Based on a novel by Walter Tevis, this superhit Netflix series released in October subtly bucks every cliché to create a delectable masterpiece.
Let’s start with the theme: Set in the 1960s, the Queen’s Gambit is about a fictional teenaged female chess prodigy called Elizabeth Harmon.
It is enough to smash a few stereotypes in one fell swoop.
Chess is a mental sport and doesn’t enjoy the same popularity as physical sports do. It is also a sport that is male dominated (almost all the grandmasters till date are male and there never has been a female world champion). Therefore, bringing it to centre stage through a woman player, who becomes a world champion in an era when most others of her gender were happy playing the second fiddle, at once sets the stage for a riveting drama.
Named after the oldest and most aggressive opening in the game of chess, the miniseries morphs into a cracking story also in part due to Harmon’s turbulent life.
Orphaned at eight when her reckless, single mother rams her car into a speeding trolley and kills herself, Harmon is packed off to an orphanage immediately. Gawky and aloof, she stumbles upon the game of chess in the basement of the home while cleaning the duster. Down there, an equally aloof janitor named Mr Shaibel plays the game all by himself. Harmon is instantly hooked and soon enough convinces Mr Shaibel to teach her.
The neurosis in Harmon’s mind, given her tragic loss, we do not get to see any. The chess board comprised of 64 squares, chess pieces and moves occupies every part of it. At night, after popping her tranquilising pills (something that is administered by the staff in the orphanage for an even disposition), she looks up at the ceiling and visualises the games. She learns like a maniac.
Chess and pills together help Harmon escape her dreary past and present. But the pills also lead to an addiction, something that eventually leads her to being banned from playing chess in the girls’ home.
Cleverly enough, the narrative finds a way to reintroduce her to the game.
After being adopted at 15 by a childless couple staying in suburban Lexington, she enters her first chess match with pros (mostly male). Since then, there’s no looking back.

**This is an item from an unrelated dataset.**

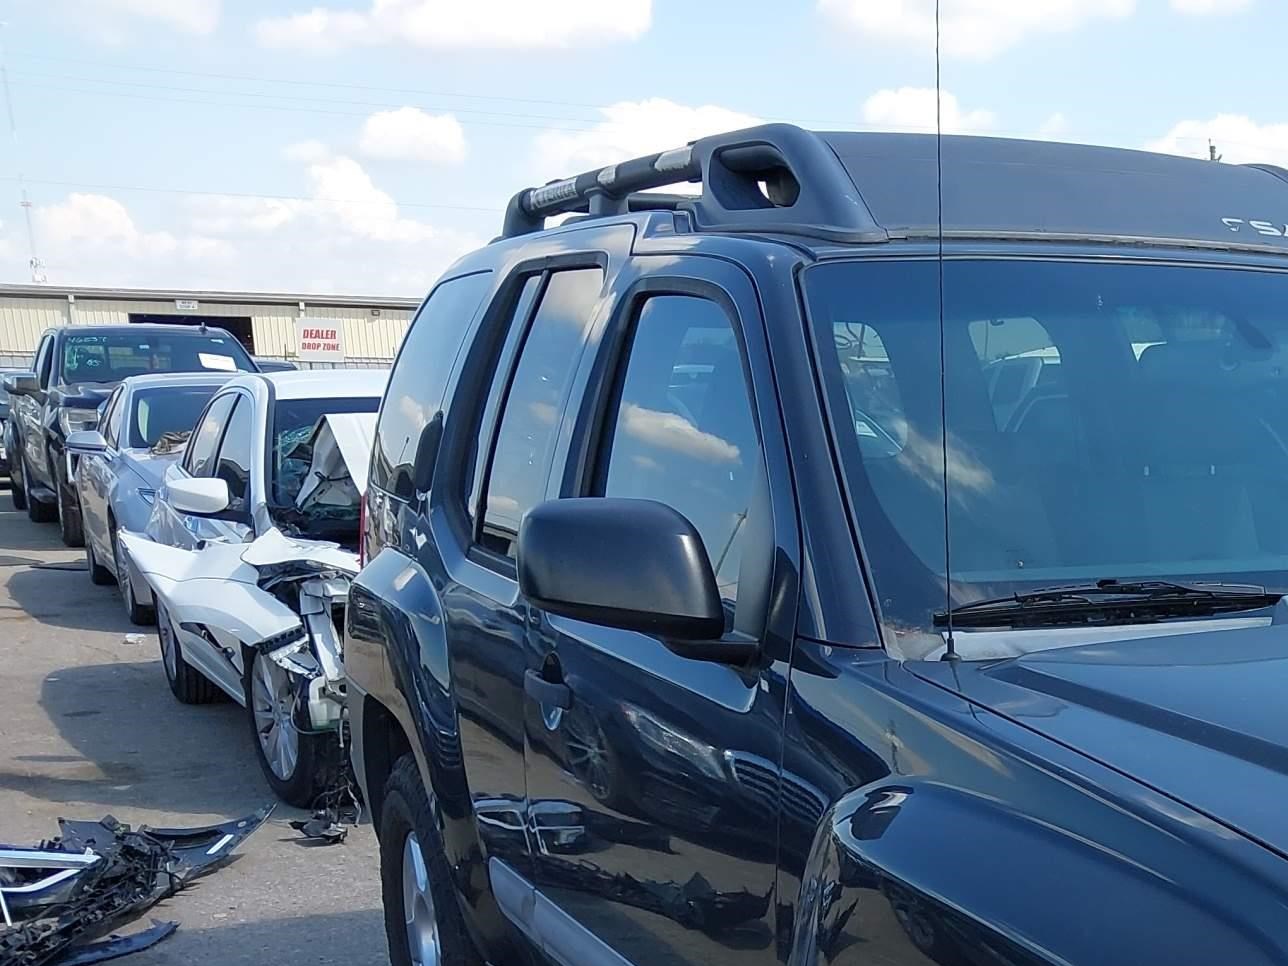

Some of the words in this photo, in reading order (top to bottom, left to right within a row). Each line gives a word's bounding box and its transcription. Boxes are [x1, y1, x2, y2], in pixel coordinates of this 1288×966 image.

The pills come to her rescue once again. So does her adoptive mother Alma, an exact antithesis of her fiercely independent biological mother who despised her biological father. Alma manages Harmon’s career while taking a 15 percent commission on her prize money. They share an odd bond and Alma’s untimely death nearly devastates Harmon, plunging her into alcoholism.
Complementing this interesting tale full of twists and turns is the retro palette, background score and outfits. All of those perfectly recreate the 1960s – be it the austere orphanage, the suburban life in Lexington or the fabulous cities of Paris, Brazil or Las Vegas where chess tournaments are held.
No less commendable are the top-notch performances. 24-year-old Anya Taylor slips into Harmon’s character effortlessly. From a clumsily dressed socially awkward teenager to a sure-footed fashionista out to conquer the world, she nails every bit of it. Her adoptive mother, male opponents and boyfriends and orphanage friend Jolene are an absolute delight to watch too.
But what’s most impressive is the representation of the chess game itself. Deft direction brings to live famous opening moves, attacks and defences in the mental game, which otherwise are hard to portray.
And nowhere is it more palpable than in the high-stake endgame in the Soviet Union (let’s not forget it was the Cold War era and an undivided Russia was the enemy turf). Up against her toughest opponents including Russian grandmaster Borgov, Harmon plays to win.
Felicitation pours in from everywhere. However, it’s the adulation of a group of elderly gentlemen on the freezing streets of a chess-obsessed Russia that touches her heart. She misses her flight back to the US, where the White House is all set to welcome her, to play a match with them out in the street.
And therein lies the biggest formula bending message of the series – politics can splinter relationships between nations, but not their people.